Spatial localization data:
====
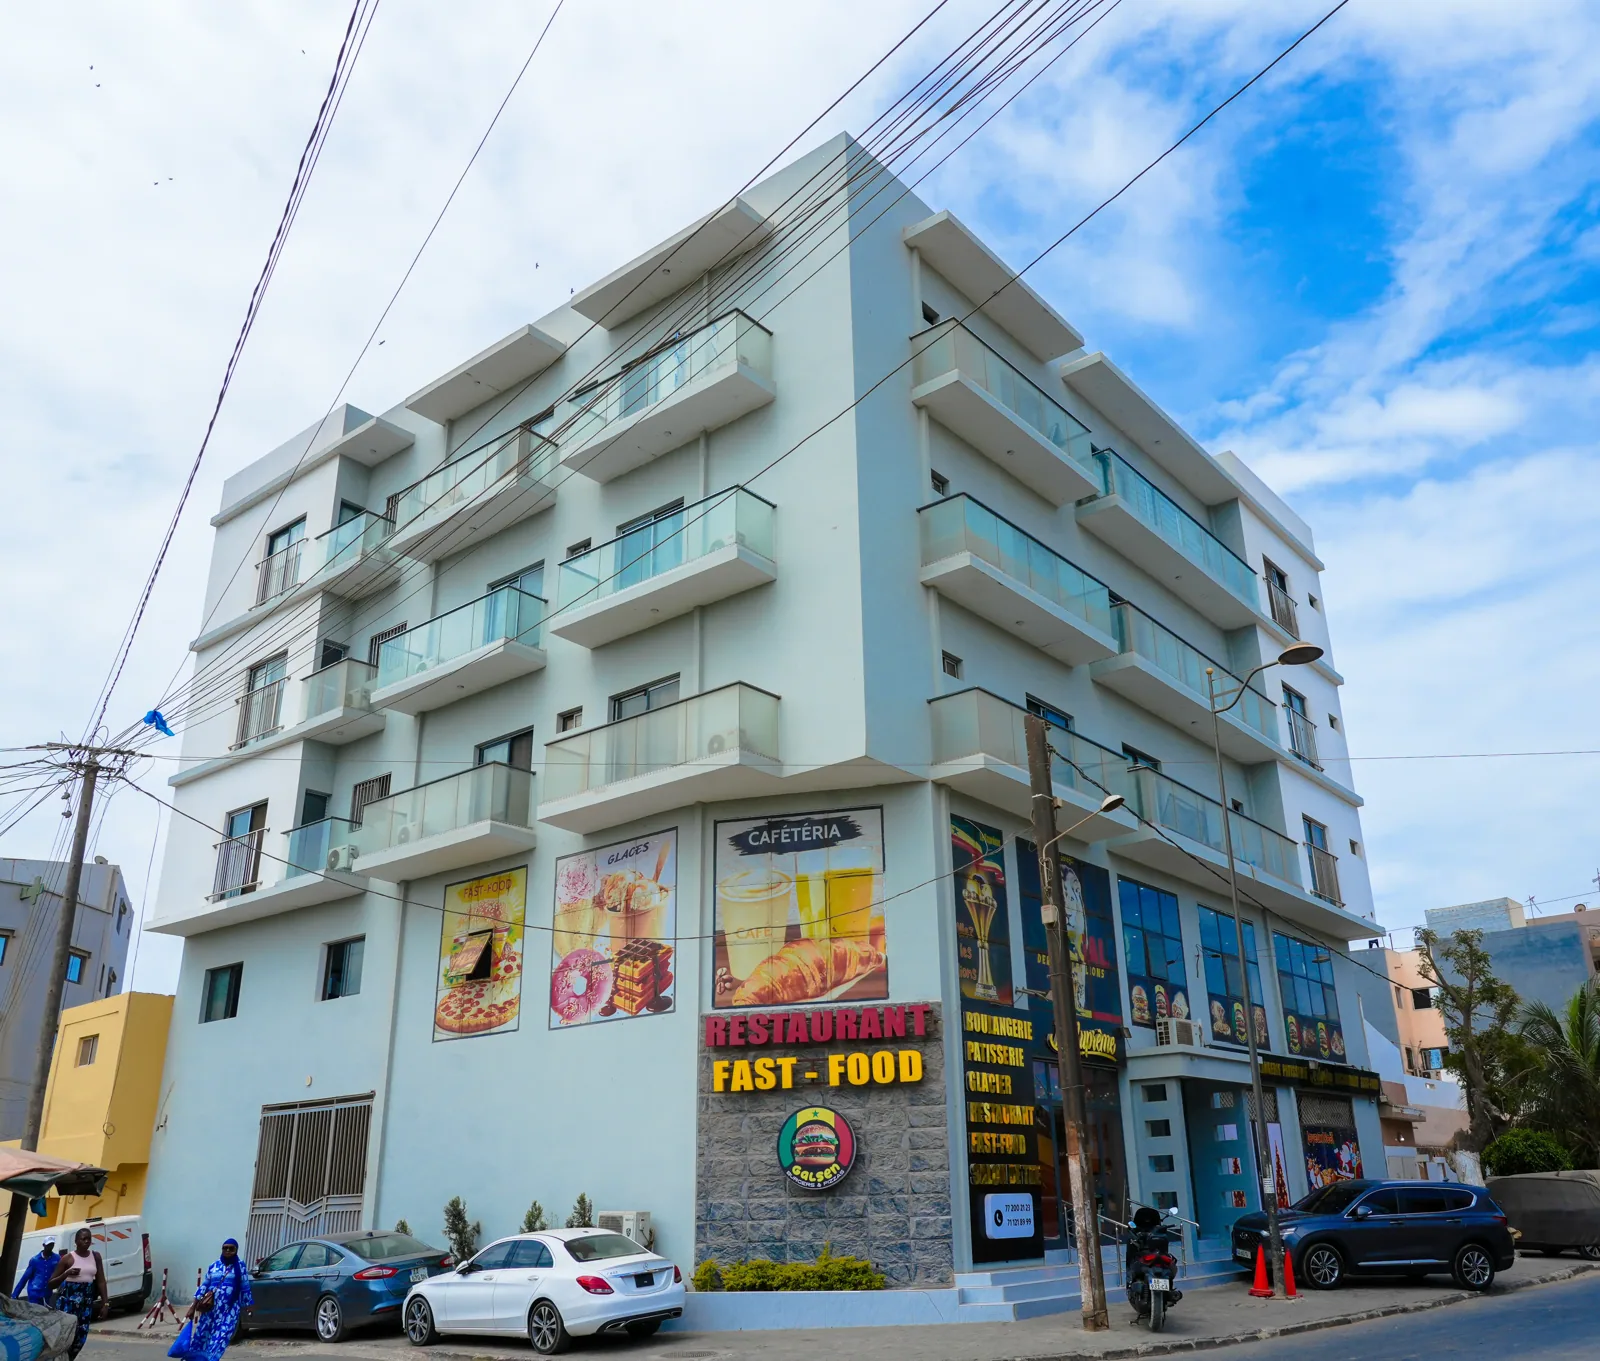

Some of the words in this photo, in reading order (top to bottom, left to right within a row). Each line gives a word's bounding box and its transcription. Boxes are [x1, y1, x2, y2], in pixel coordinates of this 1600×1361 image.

[748, 822, 841, 846] CAFÉTÉRIA
[607, 842, 650, 865] GLACES
[463, 878, 513, 899] FAST-FOOD
[959, 965, 978, 981] ions
[705, 1004, 930, 1047] RESTAURANT
[964, 1011, 1033, 1041] BOULANGERIE
[966, 1040, 1025, 1067] PATISSERIE
[713, 1057, 797, 1093] FAST
[828, 1050, 923, 1087] FOOD
[967, 1070, 1013, 1095] GLACIER
[968, 1101, 1035, 1126] RESTAURANT
[969, 1132, 1027, 1155] FAST-FOOD
[786, 1170, 816, 1188] BURGERS
[822, 1169, 845, 1187] PIZZAS
[1005, 1204, 1011, 1212] 77
[1011, 1204, 1020, 1212] 200
====
All of the data should come back exactly as written, but without pictures.

# Exercise solution:
Some of the words in this photo, in reading order (top to bottom, left to right within a row). Each line gives a word's bounding box and its transcription. Boxes are [x1, y1, x2, y2], in pixel coordinates of this 1600×1361 image.

[748, 822, 841, 846] CAFÉTÉRIA
[607, 842, 650, 865] GLACES
[463, 878, 513, 899] FAST-FOOD
[959, 965, 978, 981] ions
[705, 1004, 930, 1047] RESTAURANT
[964, 1011, 1033, 1041] BOULANGERIE
[966, 1040, 1025, 1067] PATISSERIE
[713, 1057, 797, 1093] FAST
[828, 1050, 923, 1087] FOOD
[967, 1070, 1013, 1095] GLACIER
[968, 1101, 1035, 1126] RESTAURANT
[969, 1132, 1027, 1155] FAST-FOOD
[786, 1170, 816, 1188] BURGERS
[822, 1169, 845, 1187] PIZZAS
[1005, 1204, 1011, 1212] 77
[1011, 1204, 1020, 1212] 200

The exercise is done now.